WORK ITEM:
Output all the entries word for word. Omit the pictures.

THE RECORDS:
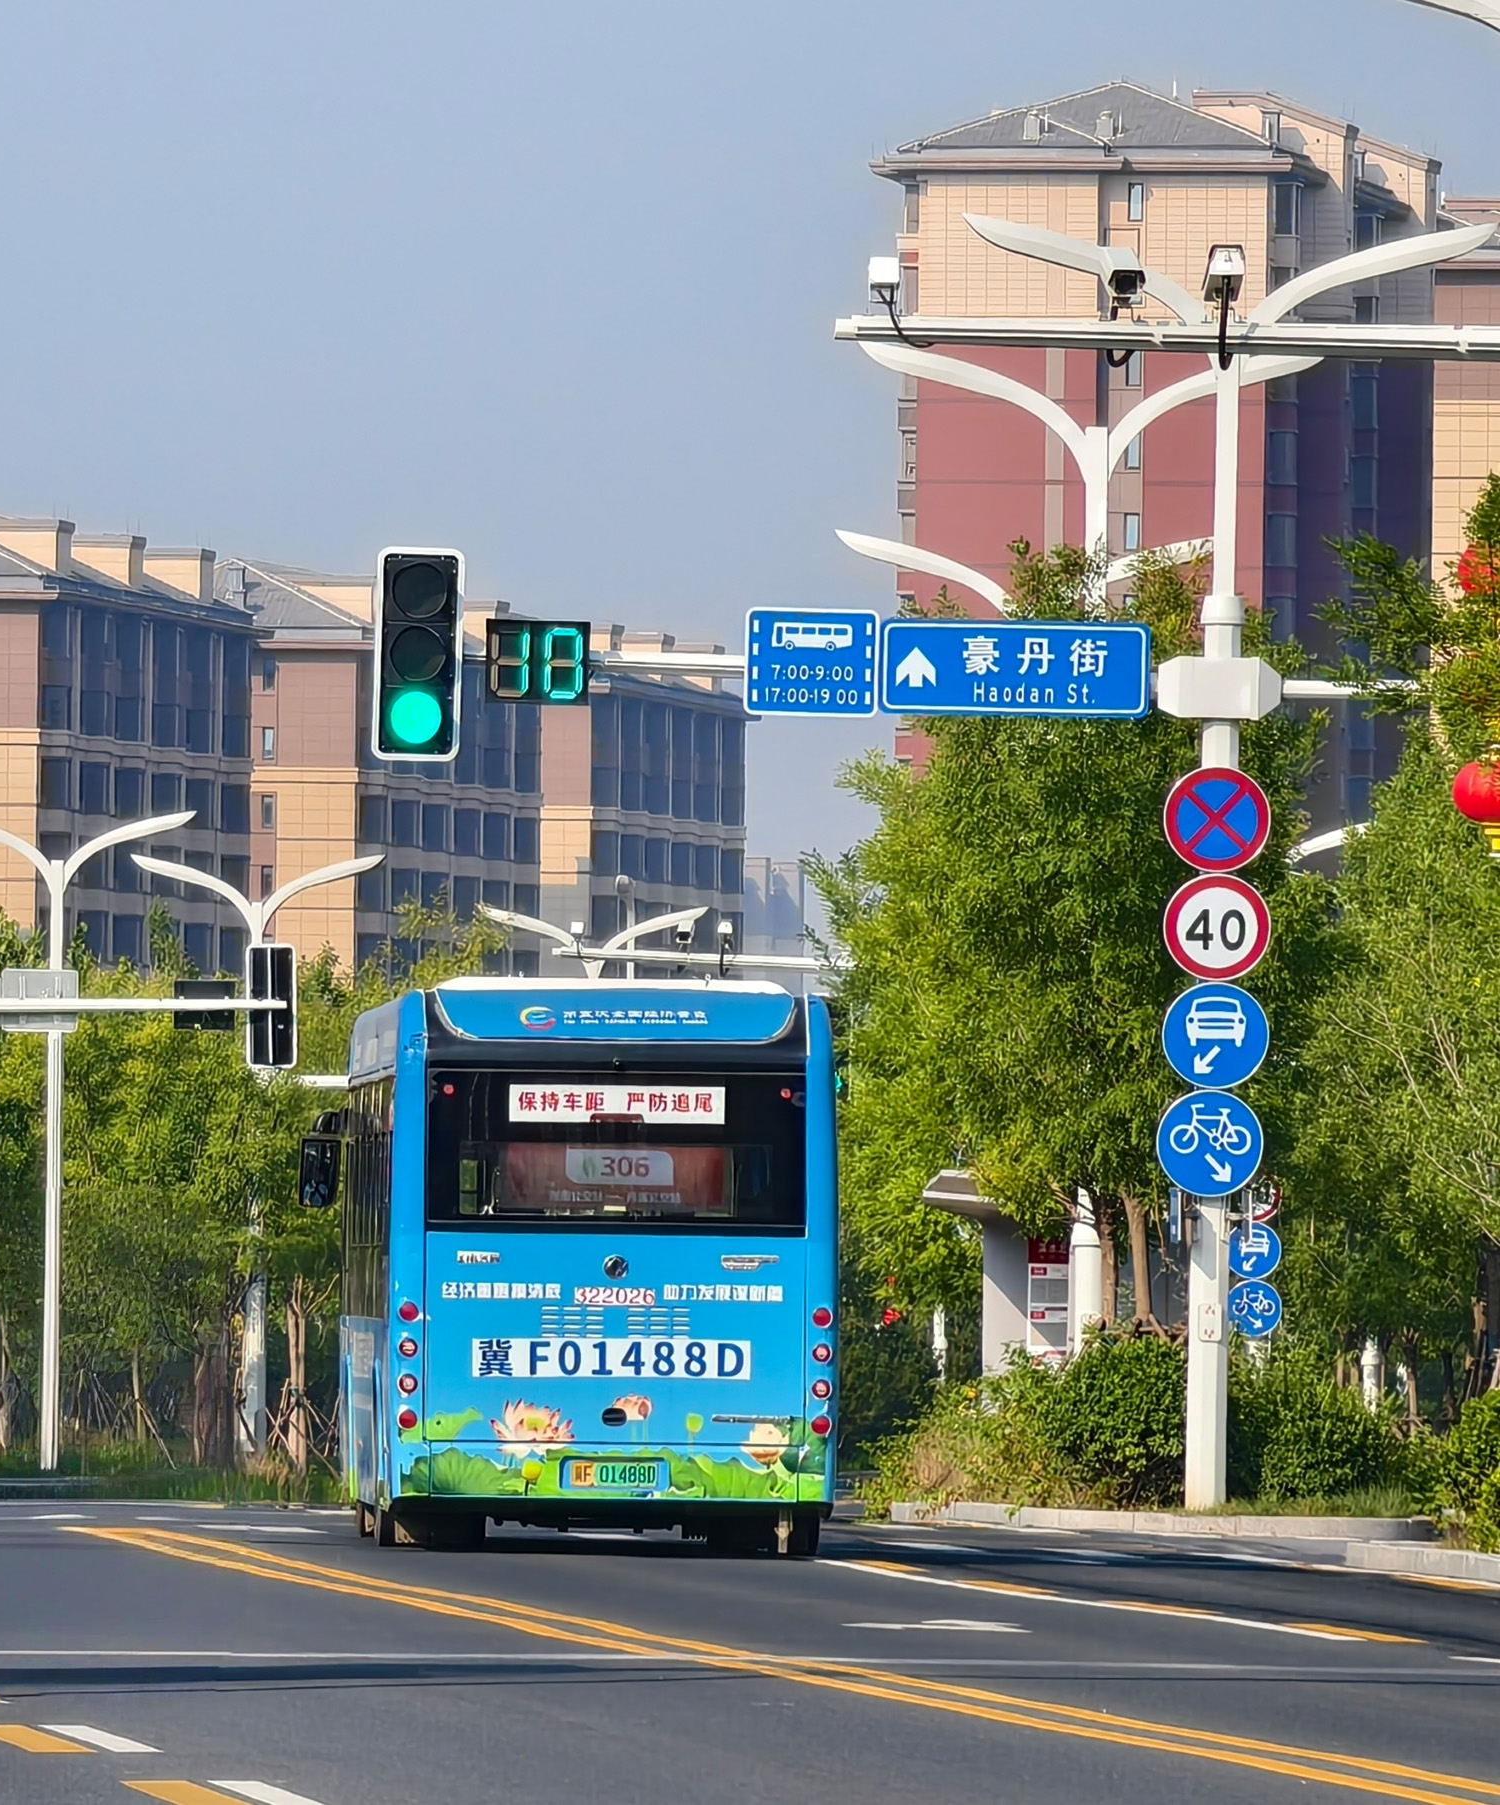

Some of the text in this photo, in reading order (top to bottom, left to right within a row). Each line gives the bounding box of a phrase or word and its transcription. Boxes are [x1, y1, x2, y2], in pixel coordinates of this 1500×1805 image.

[519, 627, 584, 700] 10
[962, 635, 1109, 678] 豪丹街
[770, 664, 854, 681] 7:00-9:00
[765, 686, 858, 705] 17:00-1900
[973, 681, 1096, 704] Haodan St.
[1185, 909, 1246, 951] 40
[518, 1091, 714, 1113] 保持车距 严防追尾
[600, 1156, 650, 1178] 306
[576, 1286, 655, 1304] 322026
[478, 1339, 745, 1377] 冀F01488D

SOLUTION TO THIS TASK:
Some of the text in this photo, in reading order (top to bottom, left to right within a row). Each line gives the bounding box of a phrase or word and its transcription. Boxes are [x1, y1, x2, y2], in pixel coordinates of this 1500×1805 image.

[519, 627, 584, 700] 10
[962, 635, 1109, 678] 豪丹街
[770, 664, 854, 681] 7:00-9:00
[765, 686, 858, 705] 17:00-1900
[973, 681, 1096, 704] Haodan St.
[1185, 909, 1246, 951] 40
[518, 1091, 714, 1113] 保持车距 严防追尾
[600, 1156, 650, 1178] 306
[576, 1286, 655, 1304] 322026
[478, 1339, 745, 1377] 冀F01488D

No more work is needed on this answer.